I'm not sure about others, but I was talking about the call to the function
that contains the two resultset SP. No matter how many layers you put
between the SP call at some point you need to call a function that will run
that SP.
The cfstoredproc tag will return both queries regardless, you could
construct the function to return one of the callers choosing, but from a
simplistic approach returning both in either an array or a structure seems
more useful. The point I was making was that you either reference them as:
function()[1] and function()[2]
or:
function().resultsetOne and function().resultsetTwo
one, the structure, exposes more about the function than the other, the
array.
I understand what you're suggesting in your post, something like:
component
getData
SP
resultset1
resultset2
/SP
return resultset
/getData
getFirst
return getData().resultset1
(or return getData()[1])
/getFirst
getSecond
return getData().resultset2
(or return getData()[2])
/getSecond
/component
But within getFirst() and getSecond() you still need to decide how you call
getData and access the two resultsets, struct or array fashion.

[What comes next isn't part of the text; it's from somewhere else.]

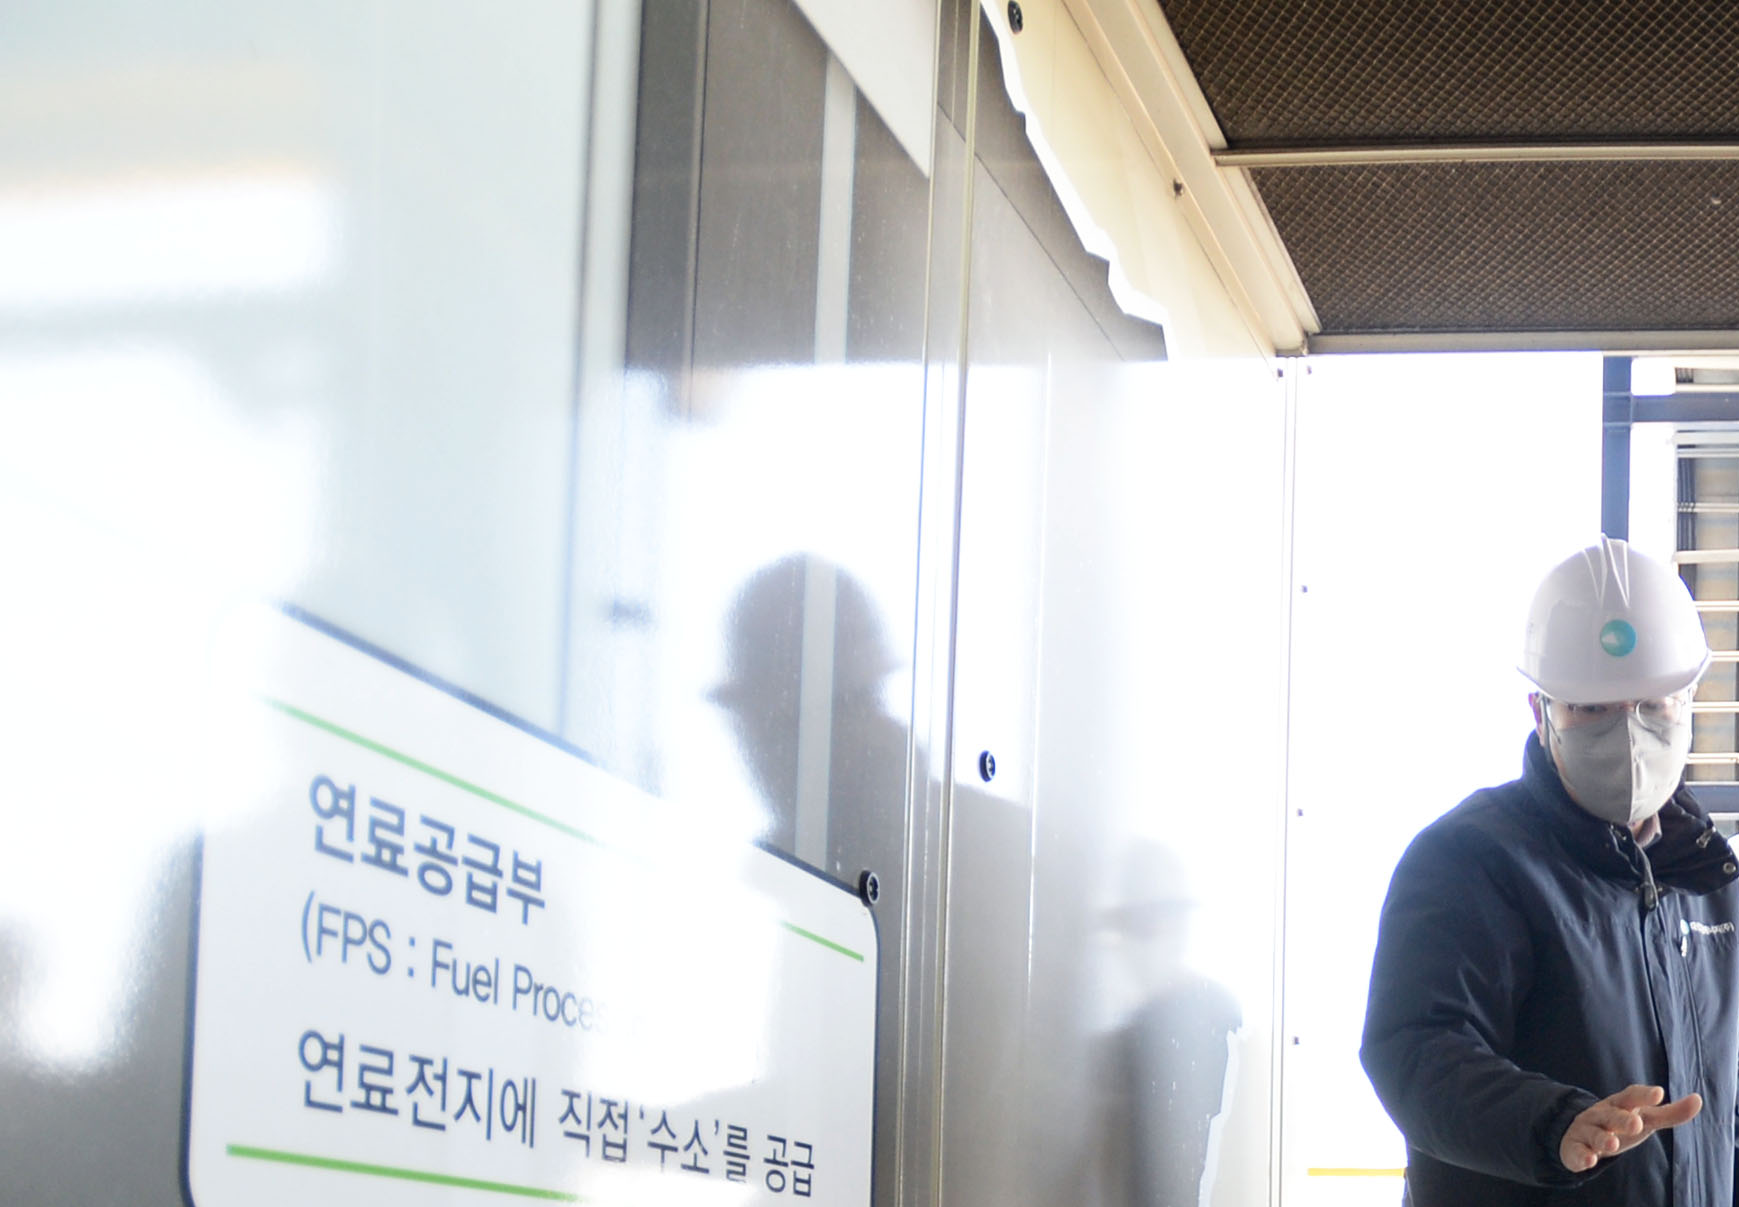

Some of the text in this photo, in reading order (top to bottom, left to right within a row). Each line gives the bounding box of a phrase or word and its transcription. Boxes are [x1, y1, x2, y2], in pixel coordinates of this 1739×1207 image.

Not that it's hugely important! :O)
Ade
-----Original Message-----
From: Marc Campeau [mailto:[EMAIL PROTECTED]
Sent: 03 March 2005 15:24
To: CF-Talk
Subject: Re: Stored Procedures in a CFC
I would do it differently (then returning a struct/array with both
recordset). Please give comments/suggestions/whatevers as I'm just
thinking out loud.
In essence, your SP returns two recordsets which don't hold the same
data, they could be related but they are not the same. Why not create
two methods for your CFC each returning one of these recordsets. They
would both use another private method which would run the SP and then
store its results in private variables. It would also ensure that the
SP isn't run again and again if it's been run recently. Two me that's
better encapsulation. The Application doesn't have to know how the CFC
gets the recordsets all it knows is that by calling either of the
methods it will get back the data it needs.